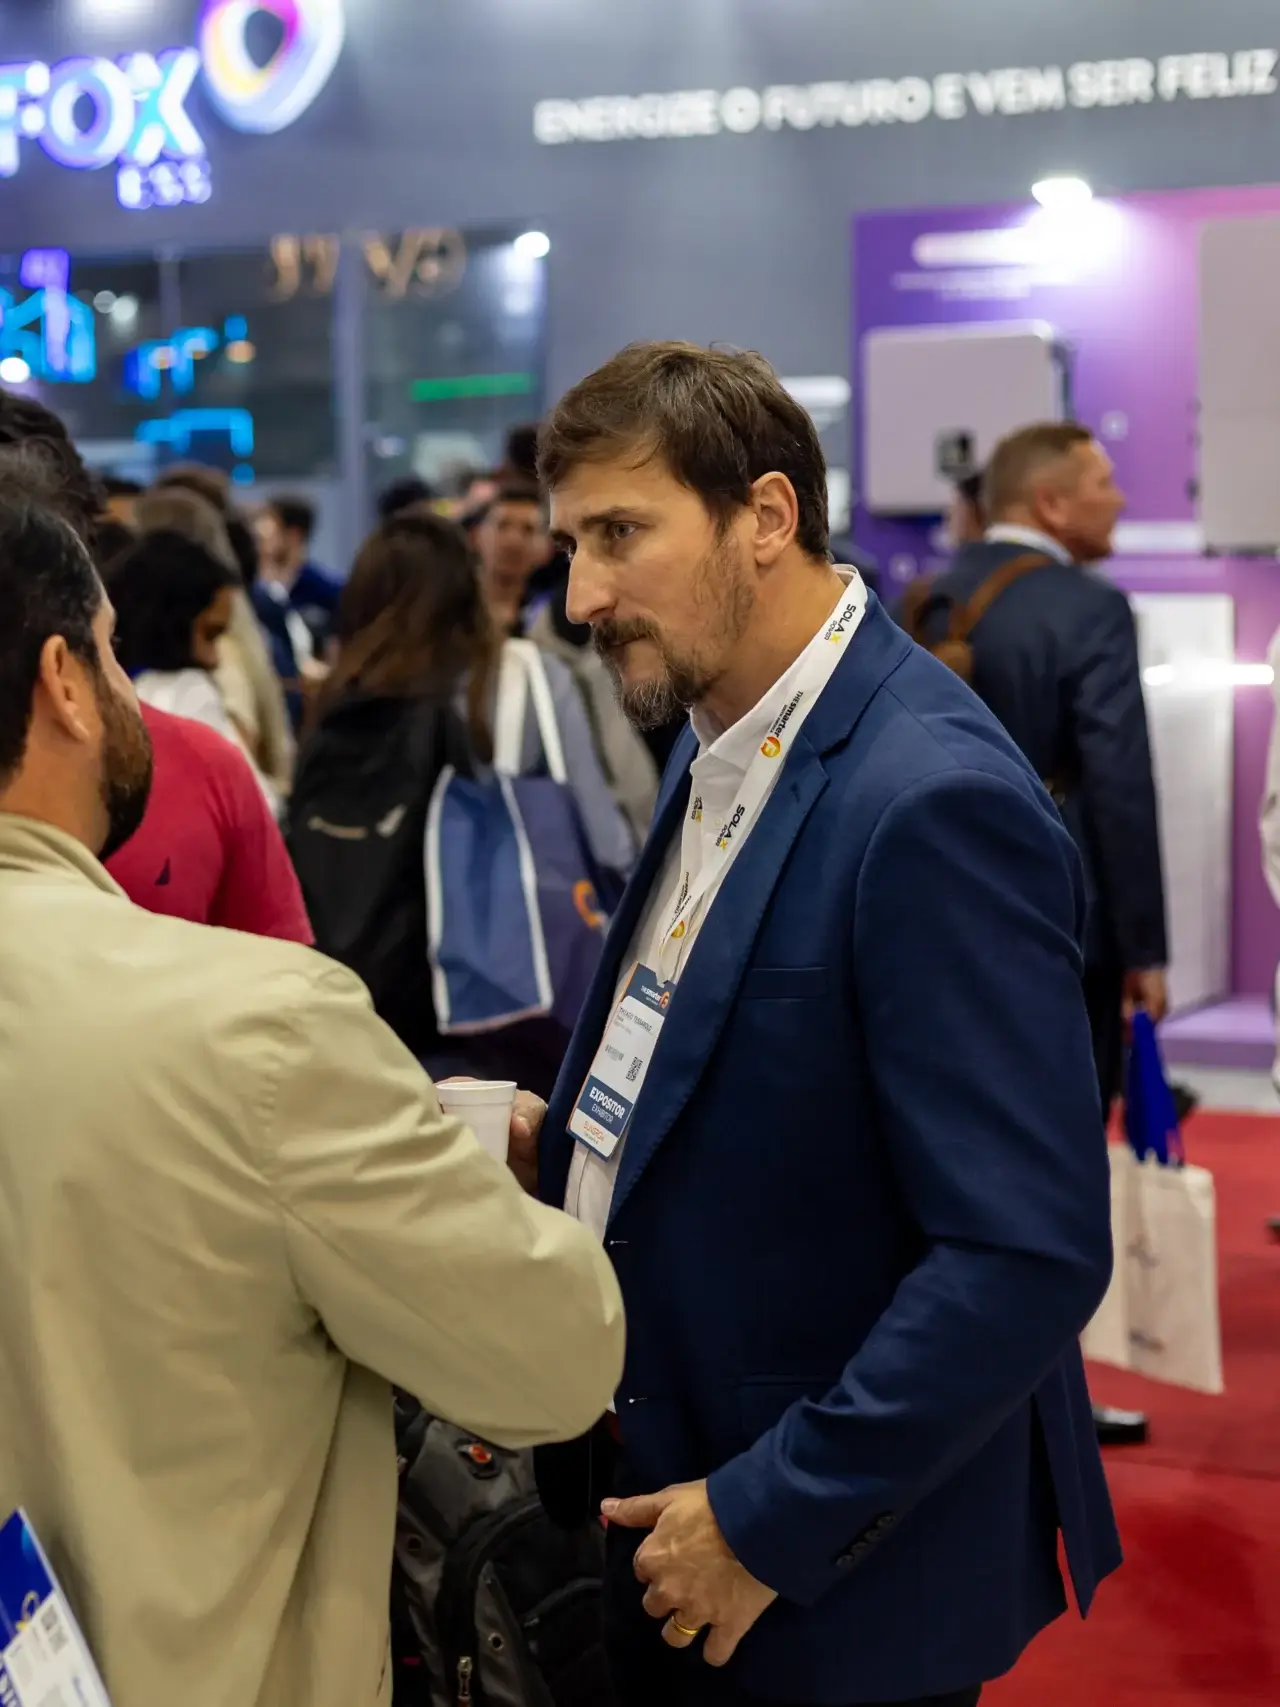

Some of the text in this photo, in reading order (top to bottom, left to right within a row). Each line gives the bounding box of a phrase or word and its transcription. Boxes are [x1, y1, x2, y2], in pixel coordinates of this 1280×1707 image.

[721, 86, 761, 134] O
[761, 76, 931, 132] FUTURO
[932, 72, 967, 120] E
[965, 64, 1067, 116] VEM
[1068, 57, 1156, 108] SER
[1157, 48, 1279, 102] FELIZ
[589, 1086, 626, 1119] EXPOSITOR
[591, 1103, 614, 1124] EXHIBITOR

● ● ●

> _Brief_
The job is to set down the whole listing exactly, excluding any images.

> _Answer for this exercise_
Some of the text in this photo, in reading order (top to bottom, left to right within a row). Each line gives the bounding box of a phrase or word and its transcription. Boxes are [x1, y1, x2, y2], in pixel coordinates of this 1280×1707 image.

[721, 86, 761, 134] O
[761, 76, 931, 132] FUTURO
[932, 72, 967, 120] E
[965, 64, 1067, 116] VEM
[1068, 57, 1156, 108] SER
[1157, 48, 1279, 102] FELIZ
[589, 1086, 626, 1119] EXPOSITOR
[591, 1103, 614, 1124] EXHIBITOR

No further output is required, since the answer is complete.